▶ [Exercise requirements]: Would you return the data exactly as given, except for its pictures?

Available data START

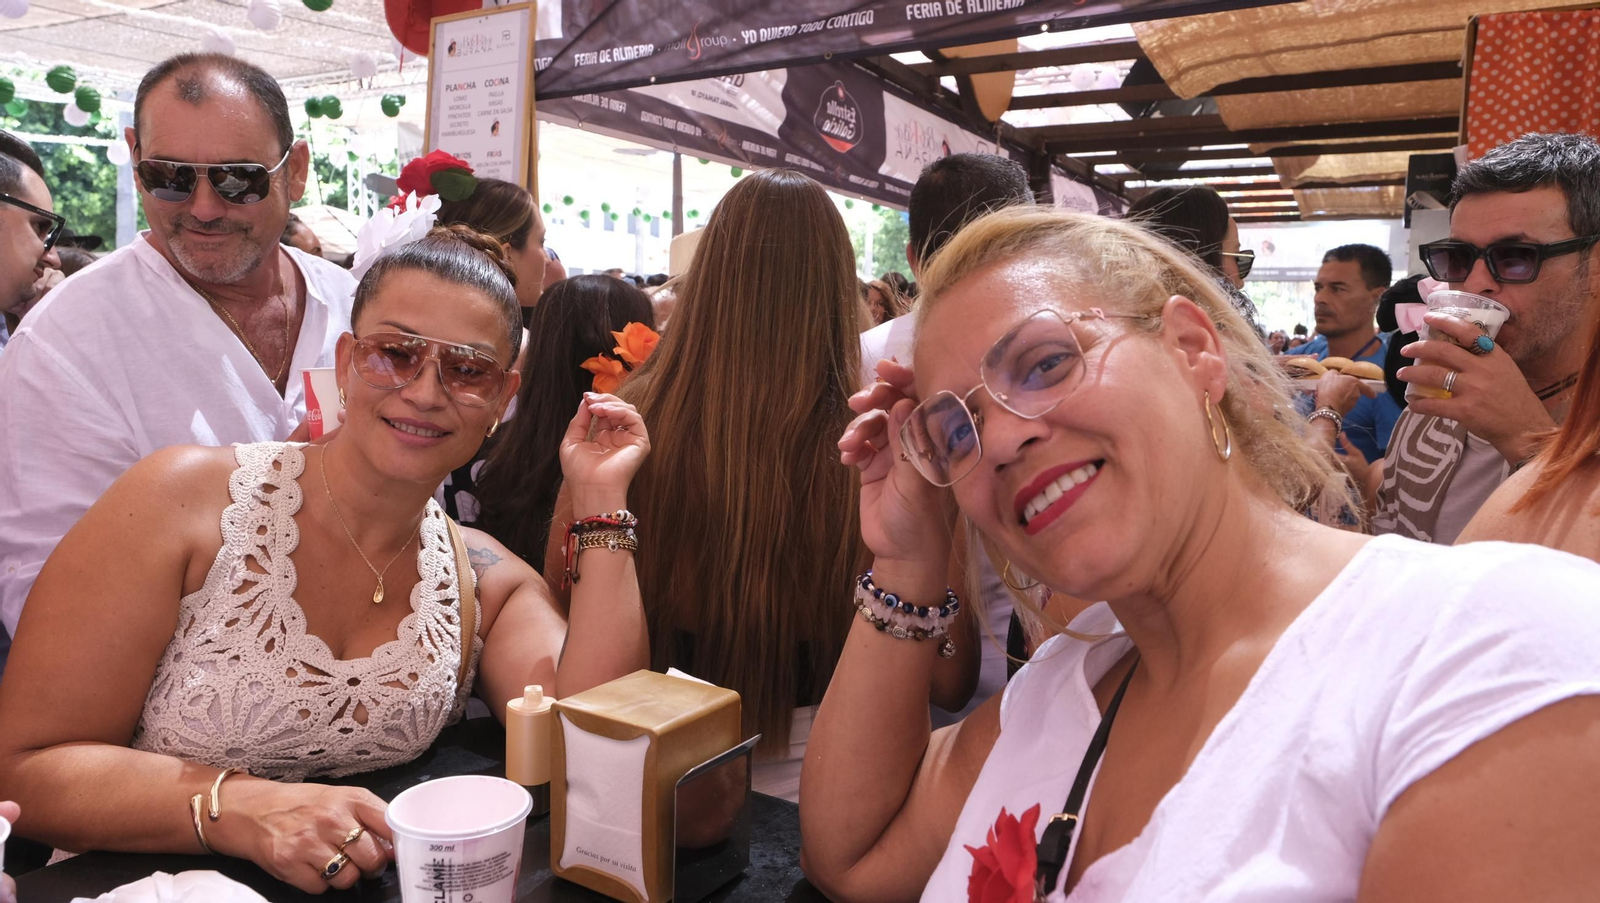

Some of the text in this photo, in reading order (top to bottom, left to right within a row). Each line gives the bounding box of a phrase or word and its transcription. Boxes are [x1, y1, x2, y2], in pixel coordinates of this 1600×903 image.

[906, 1, 943, 20] FERIA
[945, 0, 963, 16] DE
[741, 10, 874, 44] YO QUIERO TODO CONTIGO
[574, 51, 598, 67] FERIA
[599, 48, 612, 63] DE
[612, 43, 654, 62] ALMERIA
[445, 81, 477, 92] PLANCHA
[484, 76, 509, 88] COCINA
[448, 112, 471, 120] PINCHITOS
[477, 109, 492, 117] CARNE
[441, 129, 476, 137] HAMBURGUESA
[429, 844, 455, 852] 300 ml
[575, 846, 599, 860] Gracias
[600, 855, 611, 864] por
[619, 862, 637, 872] visita
[433, 857, 446, 903] LAME
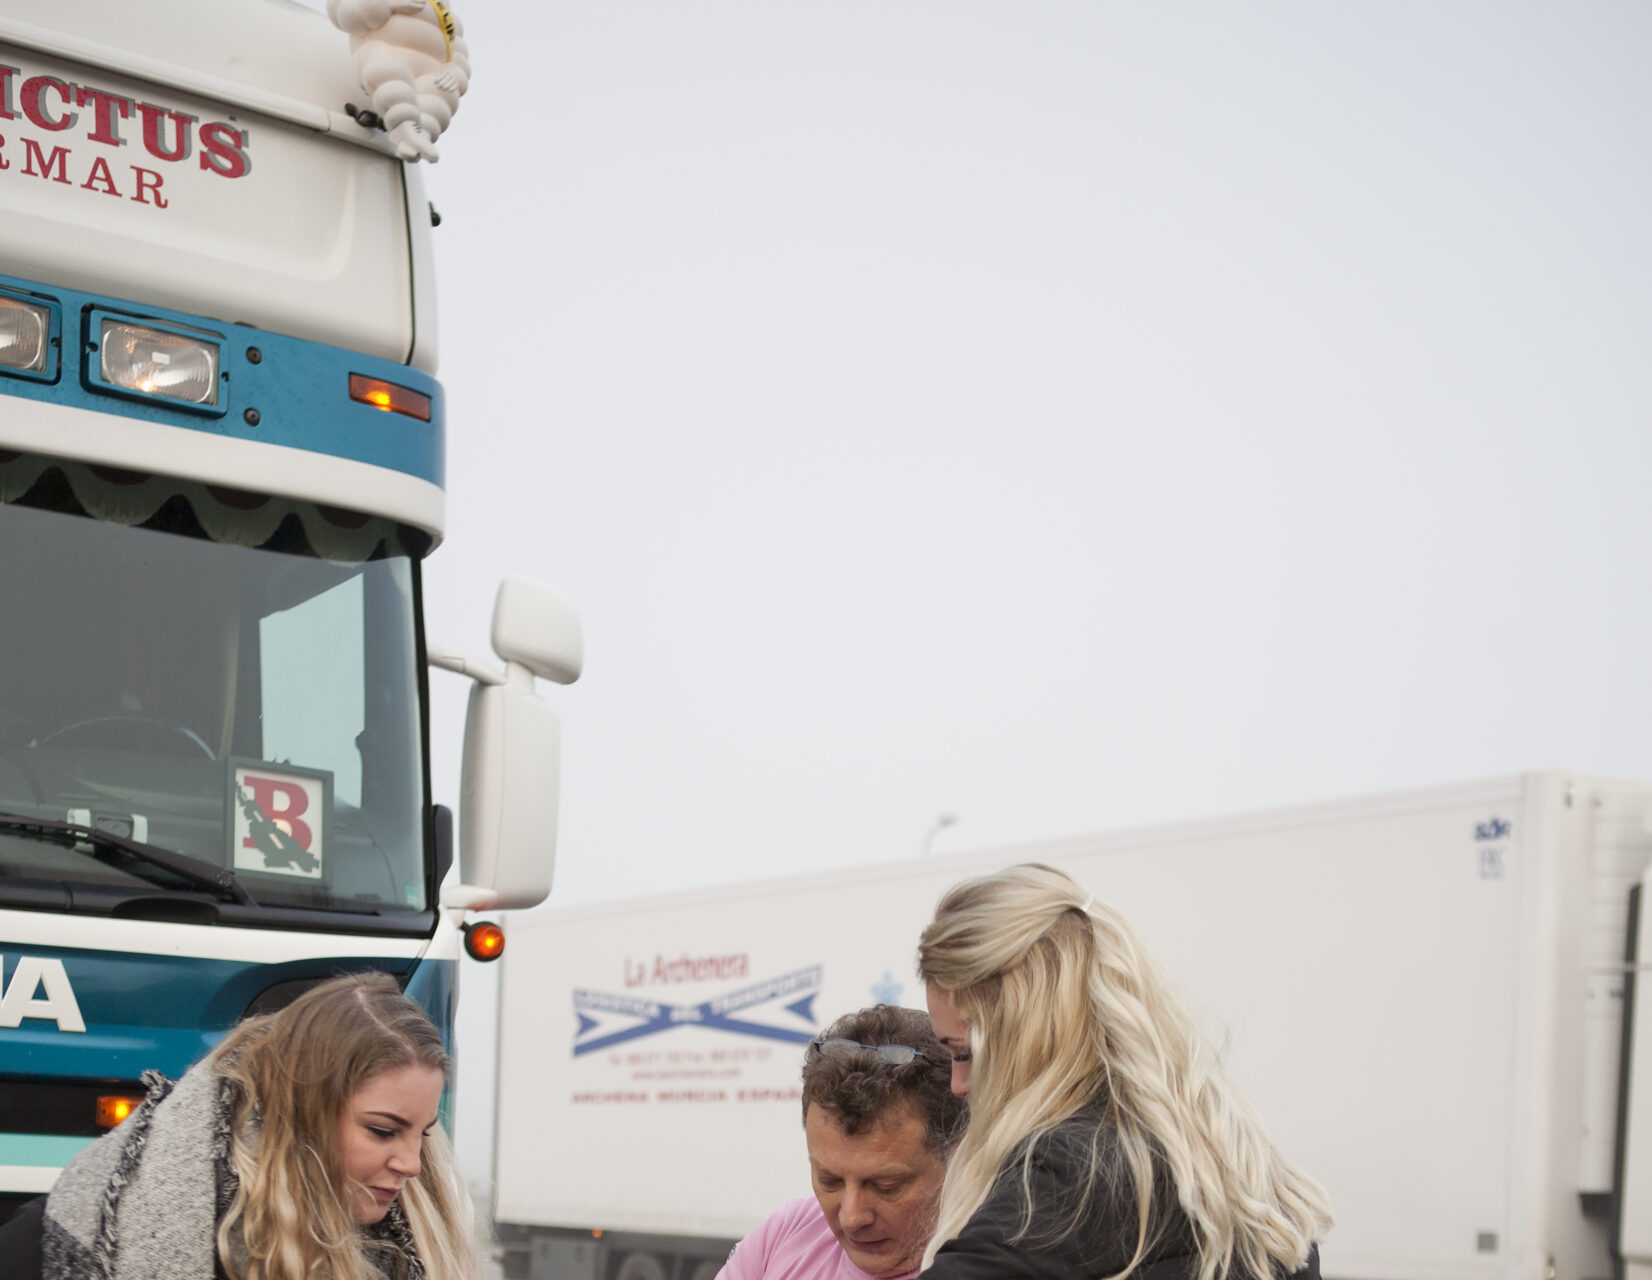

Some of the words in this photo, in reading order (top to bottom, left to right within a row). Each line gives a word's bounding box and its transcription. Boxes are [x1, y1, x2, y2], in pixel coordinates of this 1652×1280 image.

[0, 133, 168, 209] MAR
[0, 954, 86, 1033] A
[623, 957, 646, 988] La
[650, 952, 749, 986] Archenera
[572, 1089, 649, 1104] ARCHENA
[658, 1088, 728, 1103] MURCIA
[736, 1086, 803, 1103] ESPAÑ

Available data END

▶ [Exercise output]:
Some of the text in this photo, in reading order (top to bottom, left to right within a row). Each line gives the bounding box of a phrase or word and its transcription. Boxes are [x1, y1, x2, y2], in pixel coordinates of this 1600×903 image.

[906, 1, 943, 20] FERIA
[945, 0, 963, 16] DE
[741, 10, 874, 44] YO QUIERO TODO CONTIGO
[574, 51, 598, 67] FERIA
[599, 48, 612, 63] DE
[612, 43, 654, 62] ALMERIA
[445, 81, 477, 92] PLANCHA
[484, 76, 509, 88] COCINA
[448, 112, 471, 120] PINCHITOS
[477, 109, 492, 117] CARNE
[441, 129, 476, 137] HAMBURGUESA
[429, 844, 455, 852] 300 ml
[575, 846, 599, 860] Gracias
[600, 855, 611, 864] por
[619, 862, 637, 872] visita
[433, 857, 446, 903] LAME

Some of the words in this photo, in reading order (top to bottom, left to right within a row). Each line gives a word's bounding box and its transcription. Boxes are [x1, y1, x2, y2], in pixel coordinates of this 1652×1280 image.

[0, 133, 168, 209] MAR
[0, 954, 86, 1033] A
[623, 957, 646, 988] La
[650, 952, 749, 986] Archenera
[572, 1089, 649, 1104] ARCHENA
[658, 1088, 728, 1103] MURCIA
[736, 1086, 803, 1103] ESPAÑ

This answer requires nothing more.